Respondents: Ms TJ Acreman

Solicitors

Applicants: --
Respondents: LWS Lawyers

NIALL JA
KENNY JA:

  1. These proceedings arise out of an underlying dispute between neighbours living in residential properties in East Malvern. The applicants, John Streeter and Ada Streeter, are the registered proprietors of 3 Durward Road, East Malvern having acquired the property on 8 July 1997. The respondents, Jie Zhang and Lixia Cao Zhang, have been the registered proprietors of the neighbouring property at 5 Durward Road, East Malvern since 5 January 2005. The two properties are separated by a fence.

  2. It appears that the fence dividing the properties was in its current position at the time the applicants acquired their property and that it is not erected along the title boundary but encroaches onto the applicants’ land to a relatively small extent. The applicants commenced a proceeding in the Magistrates’ Court, seeking orders that a new fence be erected and that it be erected on the boundary as recorded in the relevant certificates of title. The proceeding was brought in trespass and under the Fences Act 1968.

  3. In response, the respondents advanced a claim of adverse possession in relation to the land. We will refer to the land the subject of the claim of adverse possession as ‘the disputed land’. The disputed land is a triangular strip that is approximately 26 centimetres wide at its widest.

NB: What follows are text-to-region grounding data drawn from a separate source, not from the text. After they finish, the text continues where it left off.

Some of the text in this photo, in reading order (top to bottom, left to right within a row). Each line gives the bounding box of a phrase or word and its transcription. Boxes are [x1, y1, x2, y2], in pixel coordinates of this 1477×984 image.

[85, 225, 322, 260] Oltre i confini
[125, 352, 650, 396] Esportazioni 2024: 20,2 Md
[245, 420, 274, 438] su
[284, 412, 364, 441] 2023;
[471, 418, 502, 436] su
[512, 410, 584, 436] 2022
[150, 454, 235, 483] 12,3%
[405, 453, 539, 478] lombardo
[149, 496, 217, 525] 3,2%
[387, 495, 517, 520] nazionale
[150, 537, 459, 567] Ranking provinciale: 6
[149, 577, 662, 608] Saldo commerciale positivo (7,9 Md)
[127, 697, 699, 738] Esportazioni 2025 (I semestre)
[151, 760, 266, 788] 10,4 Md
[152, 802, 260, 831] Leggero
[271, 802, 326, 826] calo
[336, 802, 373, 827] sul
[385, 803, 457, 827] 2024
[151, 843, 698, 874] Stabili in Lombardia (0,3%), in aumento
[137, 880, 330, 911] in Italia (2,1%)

  4. The magistrate dismissed the claim of adverse possession and ordered that the fence be reinstated on the boundary as reflected in the certificates of title. The respondents appealed from that decision to the Trial Division of this Court on questions of law pursuant to s 109 of the Magistrates Court Act 1989. At the conclusion of the hearing of those appeals, on 10 May 2024, the judge permitted the respondents to apply for leave to amend their notices of appeal so as to replead the questions of law. In accordance with directions given by the judge, the respondents applied to amend the notices of appeal. Those applications were opposed and, on 31 May 2024, the judge granted leave to amend.

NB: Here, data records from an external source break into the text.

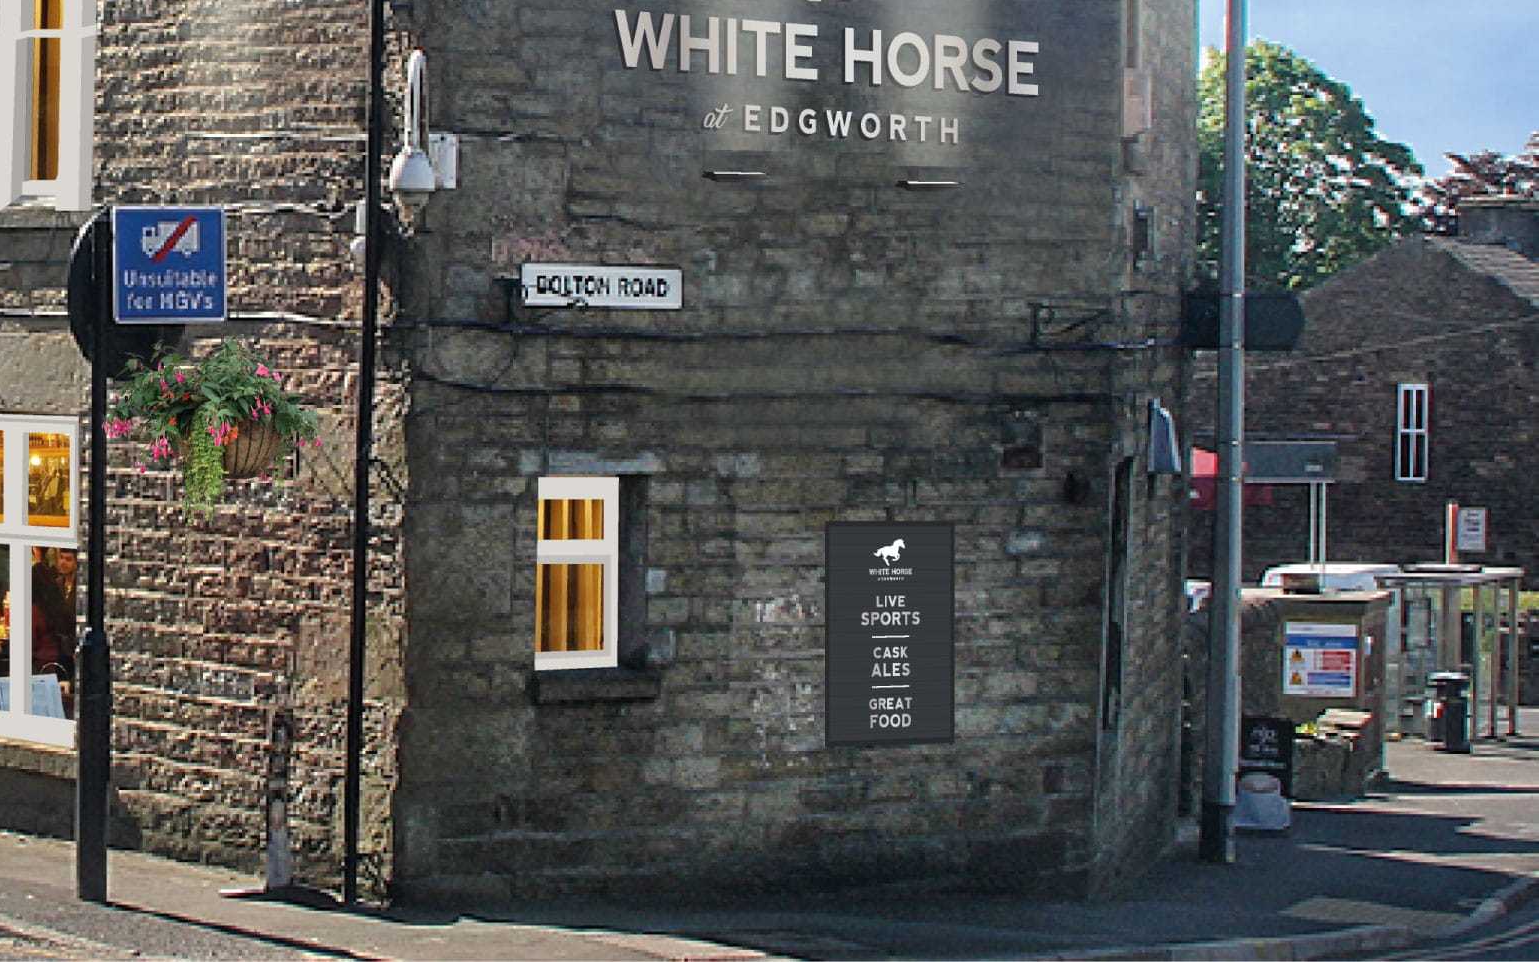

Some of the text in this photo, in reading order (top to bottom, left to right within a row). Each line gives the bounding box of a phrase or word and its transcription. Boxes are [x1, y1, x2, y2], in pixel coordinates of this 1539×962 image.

[614, 8, 1039, 96] WHITE HORSE
[703, 102, 959, 144] at EDGWORTH
[123, 269, 218, 289] Unsuitable
[536, 274, 670, 298] BOLTON ROAD
[127, 292, 153, 310] for
[868, 568, 913, 576] WHITE HORSE
[876, 595, 906, 608] LIVE
[861, 611, 921, 626] SPORTS
[873, 646, 908, 659] CASK
[871, 662, 911, 678] ALES
[868, 697, 913, 711] GREAT
[869, 713, 912, 729] FOOD

  5. The applicants now seek leave to appeal from the judge’s orders granting leave to amend.

Facts

Chronology

  1. In his reasons for decision, the magistrate observed that, apart from one presently immaterial matter, the facts were not in dispute. The only area of factual dispute concerned whether the location of the fence, or part of it, was moved in 2011 so as to encroach a further approximately three centimetres into the applicants’ property. That factual dispute can be put to one side for present purposes.

  2. On the undisputed facts, on 8 July 1997 the applicants became the registered proprietors of 3 Durward Road and at that time the fence sat at its present position.

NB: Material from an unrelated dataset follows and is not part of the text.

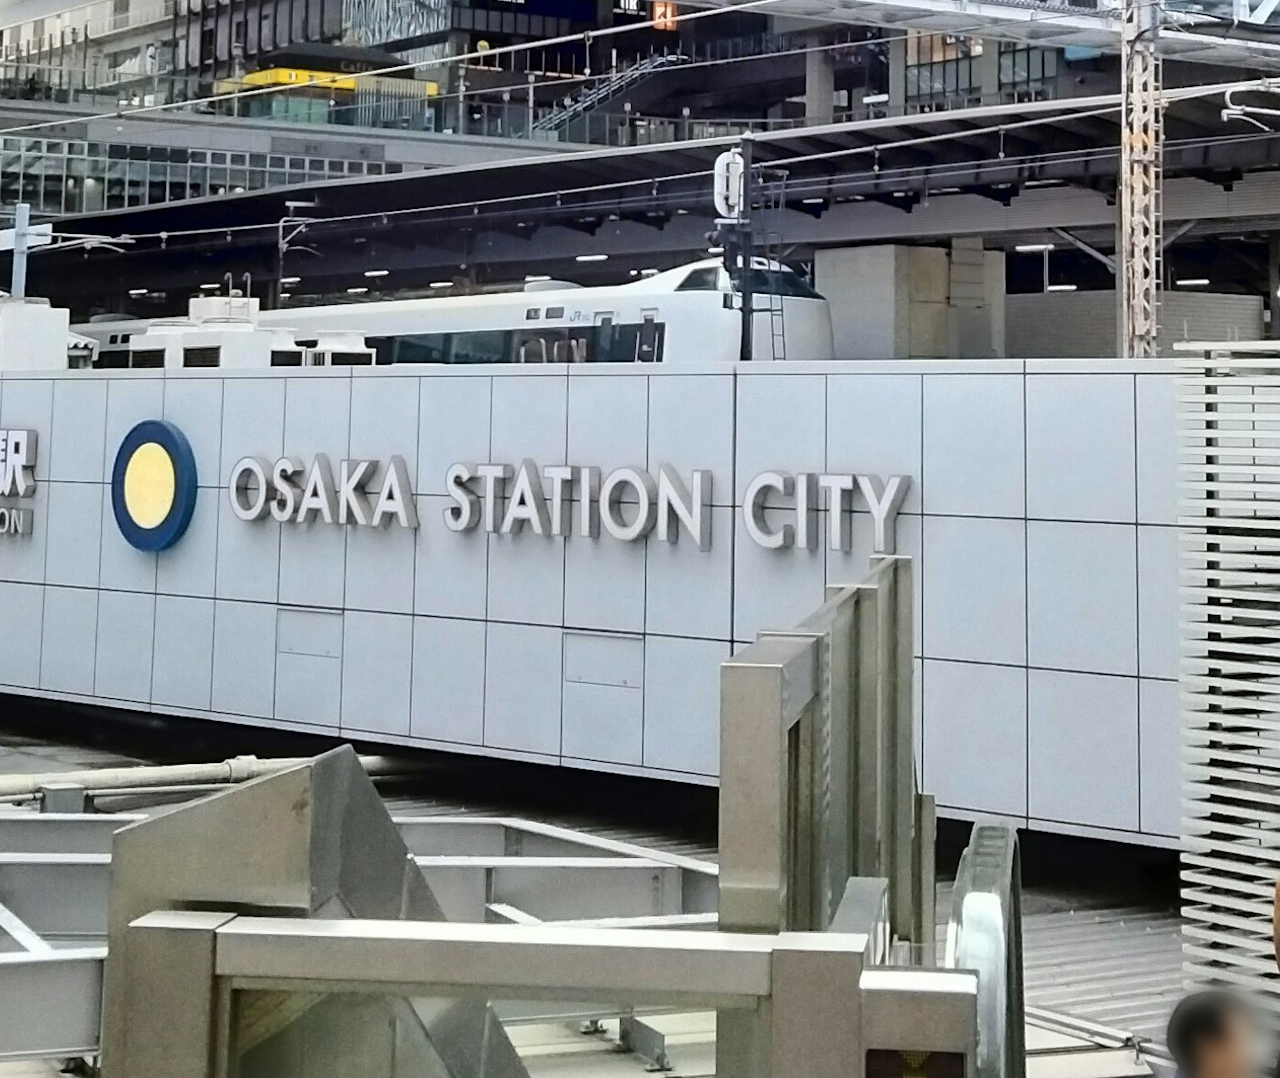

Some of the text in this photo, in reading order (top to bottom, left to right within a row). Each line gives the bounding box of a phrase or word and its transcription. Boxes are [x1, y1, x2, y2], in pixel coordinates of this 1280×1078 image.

[228, 453, 908, 553] OSAKA STATION CITY

  3. On 6 July 2004, Claire Plunkett, who was then the registered proprietor of 5 Durward Road, passed away. Her niece, Kathleen Jay, became the registered proprietor in September 2004. In October 2004, the respondents purchased the property from Ms Jay and became the registered proprietors on 5 January 2005.

  4. Between 2005 and 2011, the respondents leased the property to tenants. The respondents moved in to the property in late 2011.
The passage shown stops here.